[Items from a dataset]
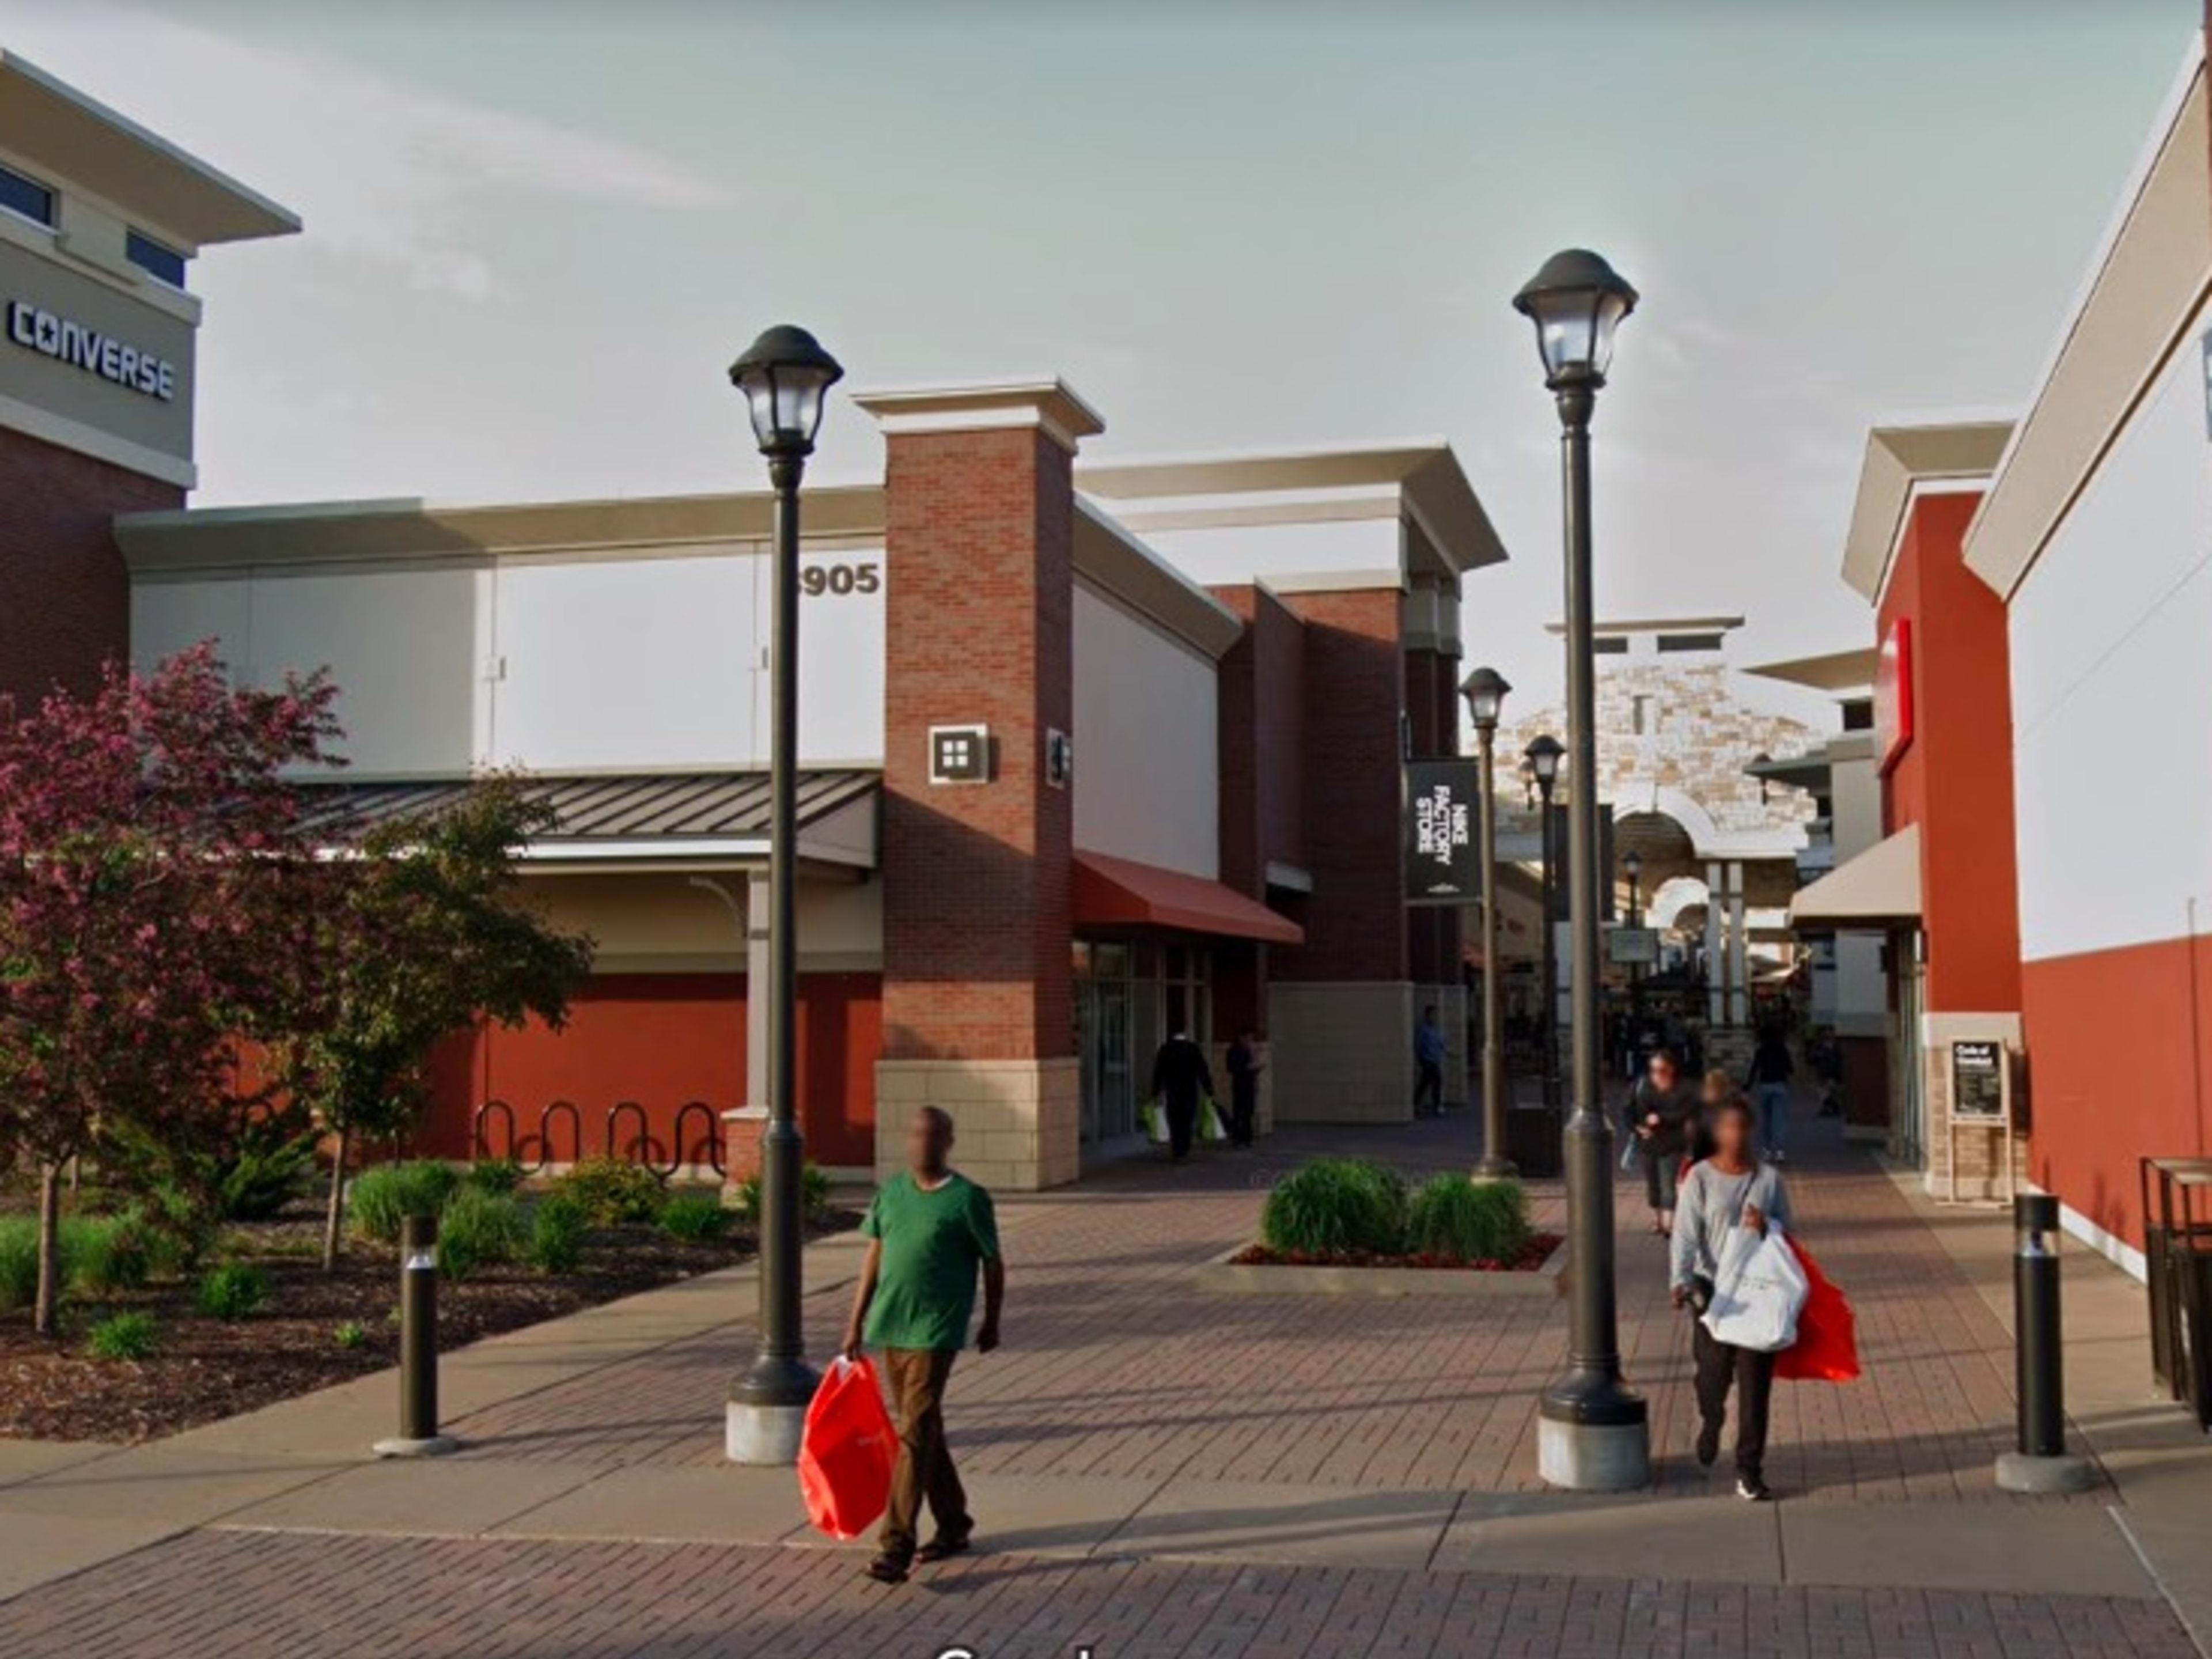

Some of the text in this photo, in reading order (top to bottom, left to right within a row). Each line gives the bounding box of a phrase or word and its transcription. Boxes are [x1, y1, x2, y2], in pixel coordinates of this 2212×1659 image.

[10, 301, 173, 400] CONVERSE
[798, 563, 880, 597] 905
[1416, 797, 1433, 853] STORE
[1433, 785, 1451, 865] FACTORY
[1452, 804, 1468, 844] NIKE
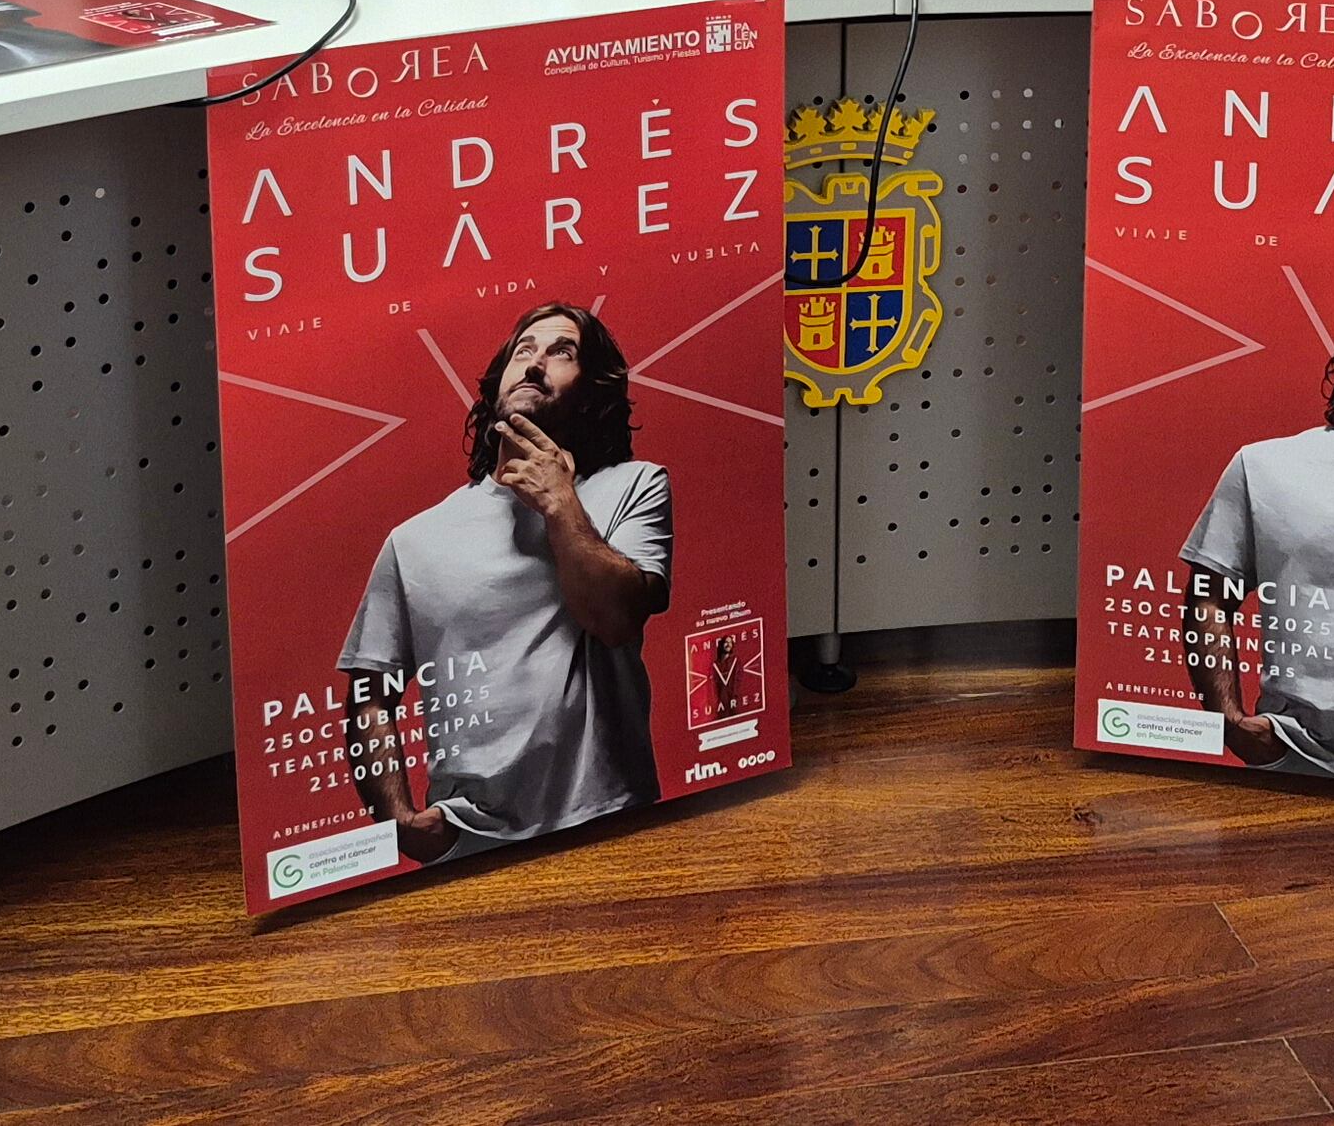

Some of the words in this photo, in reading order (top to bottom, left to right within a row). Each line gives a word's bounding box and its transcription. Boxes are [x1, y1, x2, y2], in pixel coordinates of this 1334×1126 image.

[545, 30, 700, 66] AYUNTAMIENTO
[734, 22, 750, 31] PA
[734, 40, 755, 51] CIA
[735, 30, 758, 41] LEN
[588, 61, 598, 70] de
[634, 54, 663, 64] Turismo
[665, 53, 671, 61] y
[673, 48, 700, 59] Fiestas
[1128, 42, 1153, 59] La
[1158, 44, 1248, 63] Excelencia
[1252, 55, 1271, 64] en
[1276, 53, 1294, 66] la
[245, 122, 272, 141] La
[277, 114, 367, 137] Excelencia
[372, 111, 390, 123] en
[395, 106, 412, 119] la
[418, 95, 489, 117] Calidad
[1115, 226, 1188, 241] VIAJE
[1254, 234, 1278, 248] DE
[247, 316, 323, 341] VIAJE
[389, 301, 412, 315] DE
[477, 278, 536, 298] VIDA
[599, 265, 609, 277] Y
[671, 241, 760, 265] VUELTA
[1106, 565, 1330, 610] PALENCIA
[701, 600, 746, 617] Presentando
[264, 651, 487, 726] PALENCIA
[1106, 681, 1113, 690] A
[1117, 683, 1185, 699] BENEFICIO
[1189, 691, 1204, 701] DE
[273, 831, 281, 840] A
[285, 811, 355, 836] BENEFICIO
[359, 805, 375, 817] DE

:: ASSIGNMENT ::
Word for word, reproduce all the data, but not the pictures.

:: ANSWER TO THIS PROBLEM ::
Some of the text in this photo, in reading order (top to bottom, left to right within a row). Each line gives the bounding box of a phrase or word and its transcription. Boxes are [x1, y1, x2, y2], in pixel coordinates of this 2212×1659 image.

[10, 301, 173, 400] CONVERSE
[798, 563, 880, 597] 905
[1416, 797, 1433, 853] STORE
[1433, 785, 1451, 865] FACTORY
[1452, 804, 1468, 844] NIKE

Some of the words in this photo, in reading order (top to bottom, left to right within a row). Each line gives a word's bounding box and its transcription. Boxes are [x1, y1, x2, y2], in pixel coordinates of this 1334×1126 image.

[545, 30, 700, 66] AYUNTAMIENTO
[734, 22, 750, 31] PA
[734, 40, 755, 51] CIA
[735, 30, 758, 41] LEN
[588, 61, 598, 70] de
[634, 54, 663, 64] Turismo
[665, 53, 671, 61] y
[673, 48, 700, 59] Fiestas
[1128, 42, 1153, 59] La
[1158, 44, 1248, 63] Excelencia
[1252, 55, 1271, 64] en
[1276, 53, 1294, 66] la
[245, 122, 272, 141] La
[277, 114, 367, 137] Excelencia
[372, 111, 390, 123] en
[395, 106, 412, 119] la
[418, 95, 489, 117] Calidad
[1115, 226, 1188, 241] VIAJE
[1254, 234, 1278, 248] DE
[247, 316, 323, 341] VIAJE
[389, 301, 412, 315] DE
[477, 278, 536, 298] VIDA
[599, 265, 609, 277] Y
[671, 241, 760, 265] VUELTA
[1106, 565, 1330, 610] PALENCIA
[701, 600, 746, 617] Presentando
[264, 651, 487, 726] PALENCIA
[1106, 681, 1113, 690] A
[1117, 683, 1185, 699] BENEFICIO
[1189, 691, 1204, 701] DE
[273, 831, 281, 840] A
[285, 811, 355, 836] BENEFICIO
[359, 805, 375, 817] DE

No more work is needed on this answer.